Healing Connections


07.01

2008

Americans Not Getting the Health Care They Need

Call them stoic, call them cost-conscious, call them under- or uninsured…but almost 20 percent of the U.S. population either went without or delayed needed medical care at sometime during 2007. That figure is up from 14 percent in 2003, and if you are counting, is an additional 9.5 million Americans who didn’t get the medical care they needed in 2007.

People had numerous reasons why they had postponed or had completely forgone medical care for themselves during the year. Chief among them was out-of-pocket medical costs and deductibles they couldn’t afford to pay, followed by a list that included things like a lack of acceptable clinic hours of operation, difficulty getting to clinics during working hours, problems with doctors being overbooked that resulted in difficulty getting timely appointments, and doctors and hospitals not accepting their insurance plans.

It wasn’t just people without medical insurance that were avoiding medical visits, but both people with and without insurance that were either delaying or forgoing medical care, according to a random national phone survey. The survey was conducted by the Center for Studying Health System Change, a nonpartisan policy group, who called 18,000 people, with a 43 percent response rate.

The study’s lead author, Peter Cunningham, noted that as health care costs increase, a larger share of cost, often in the form of higher deductibles, is being shifted to people and families, requiring them to pay more out of their own pockets. “To the extent that cost increases are passed on to individuals, continued declines in access to care are inevitable,” wrote the co-authors of the study.
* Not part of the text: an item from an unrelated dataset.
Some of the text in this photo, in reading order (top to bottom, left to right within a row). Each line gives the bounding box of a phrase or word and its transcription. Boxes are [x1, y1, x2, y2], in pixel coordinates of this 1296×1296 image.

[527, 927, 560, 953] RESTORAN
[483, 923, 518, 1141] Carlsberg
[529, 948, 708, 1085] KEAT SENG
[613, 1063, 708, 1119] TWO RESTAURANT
Karen Ignagni, chief executive of America’s Health Insurance Plans, an insurance-industry trade group, feels that a variety of issues need to be addressed by policy makers to make surgery, medical imaging, and specialty drugs more affordable to the general public, and to standardize quality of care among providers. The cost of drugs and services has risen at a rate at least twice that of inflation for several years, making it more difficult for even those with health insurance to pay for medical care.

Another area that needs to be addressed is the decline in the number of medical students going into family practice, in part because it pays less than specialties. This is making it harder for people to get even initial appointments. In 2007 only about 1,000 out of 16,000 medical students chose to practice family medicine noted Rick Kellerman, chairman of the board of the American Academy of Family Physicians.
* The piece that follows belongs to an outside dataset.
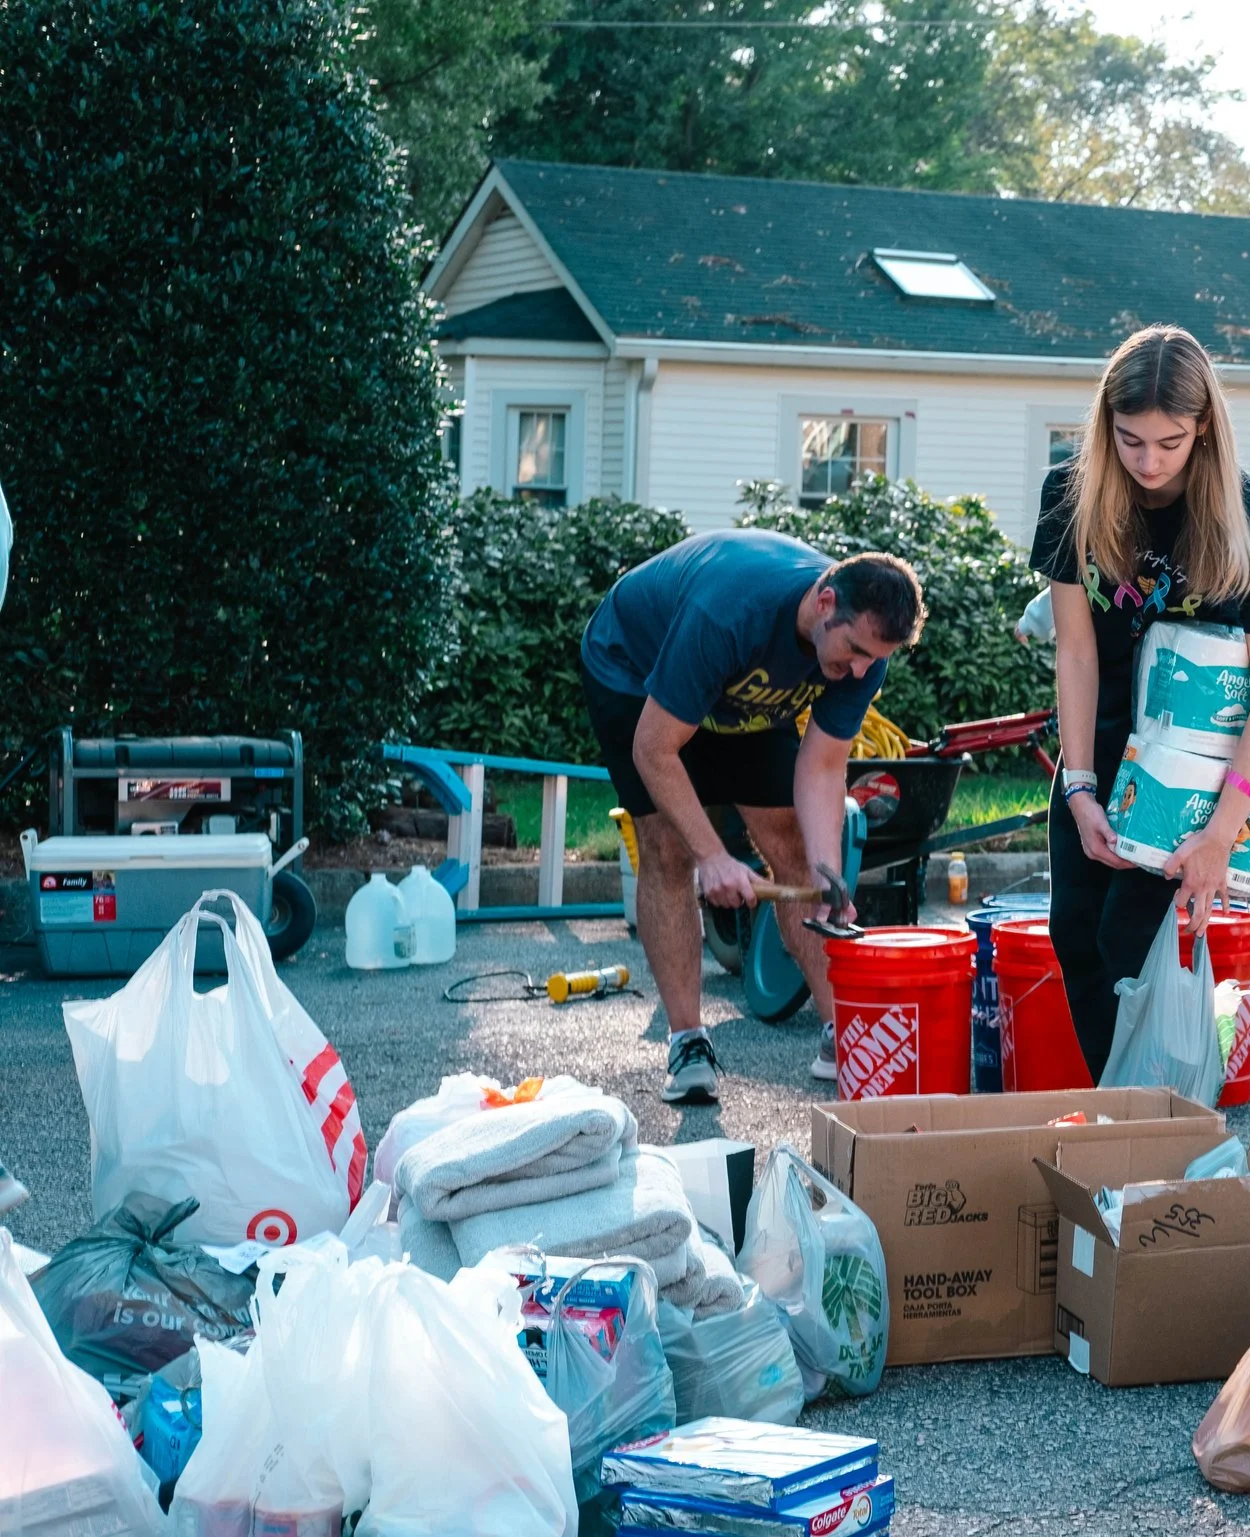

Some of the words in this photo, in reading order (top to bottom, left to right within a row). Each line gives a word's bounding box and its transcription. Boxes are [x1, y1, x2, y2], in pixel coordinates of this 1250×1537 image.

A 2007 survey by the Commonwealth Fund found that 30 percent of Americans over age 18 spent more than $1,000 a year on out of the pocket medical expenses. By contrast, only 4 percent of people in the United Kingdom, 12 percent of people in Canada, and 10 percent of people in Germany paid that much for out of pocket medical expenses in a year.
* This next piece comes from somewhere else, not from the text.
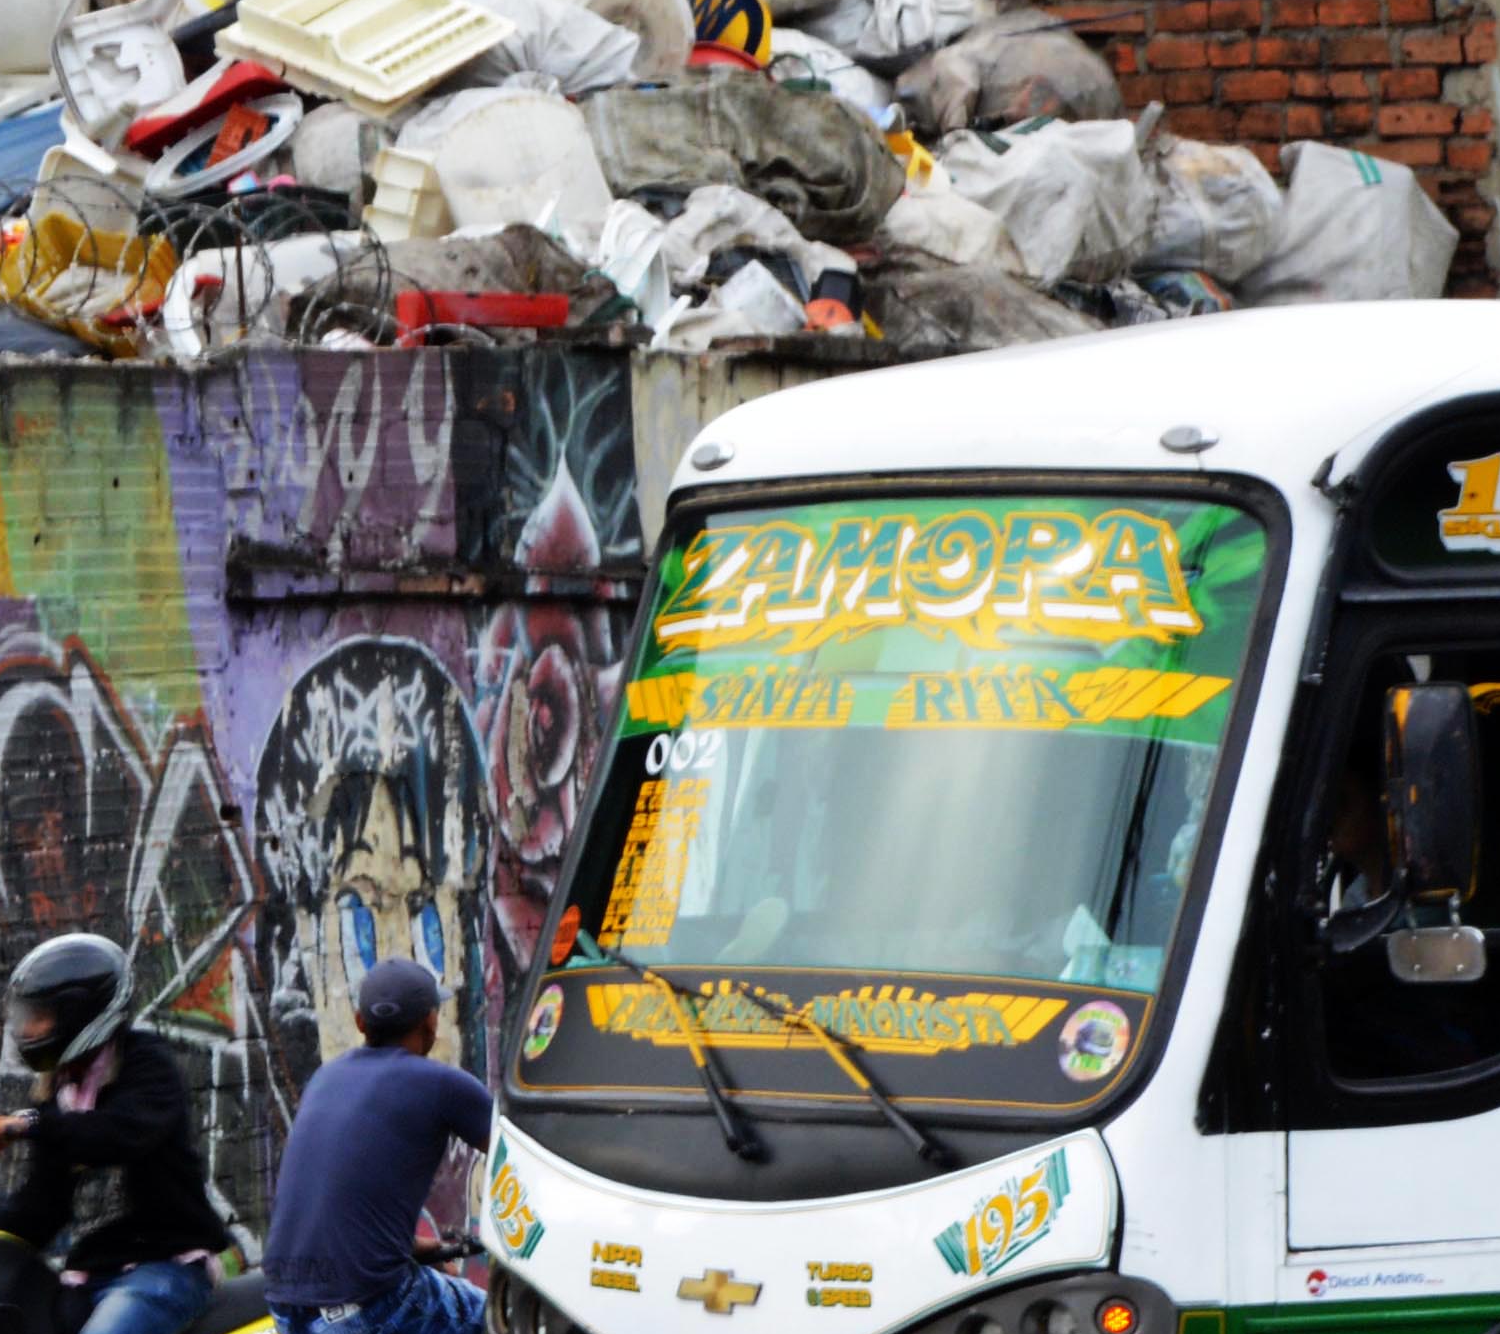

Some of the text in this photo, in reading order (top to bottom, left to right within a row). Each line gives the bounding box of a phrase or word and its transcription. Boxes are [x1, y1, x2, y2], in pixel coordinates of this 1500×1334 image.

[655, 509, 1204, 645] ZAMORA
[702, 670, 1084, 721] SANTA RITA
[645, 730, 723, 775] 002
[812, 995, 1018, 1045] MINORISTA
The U.S. Census Bureau reports that about 47 million Americans have no health insurance. Among the uninsured, 38 percent stated they didn’t get medical care because of cost concerns in 2007; only 29 percent had made that comment in the 2003 survey. The uninsured also had problems finding a doctor and getting an appointment, the 2007 study found.

As things stand now, insured Americans are finding that for one reason or another, the level of care they thought they were guaranteed by their health insurance plans has declined.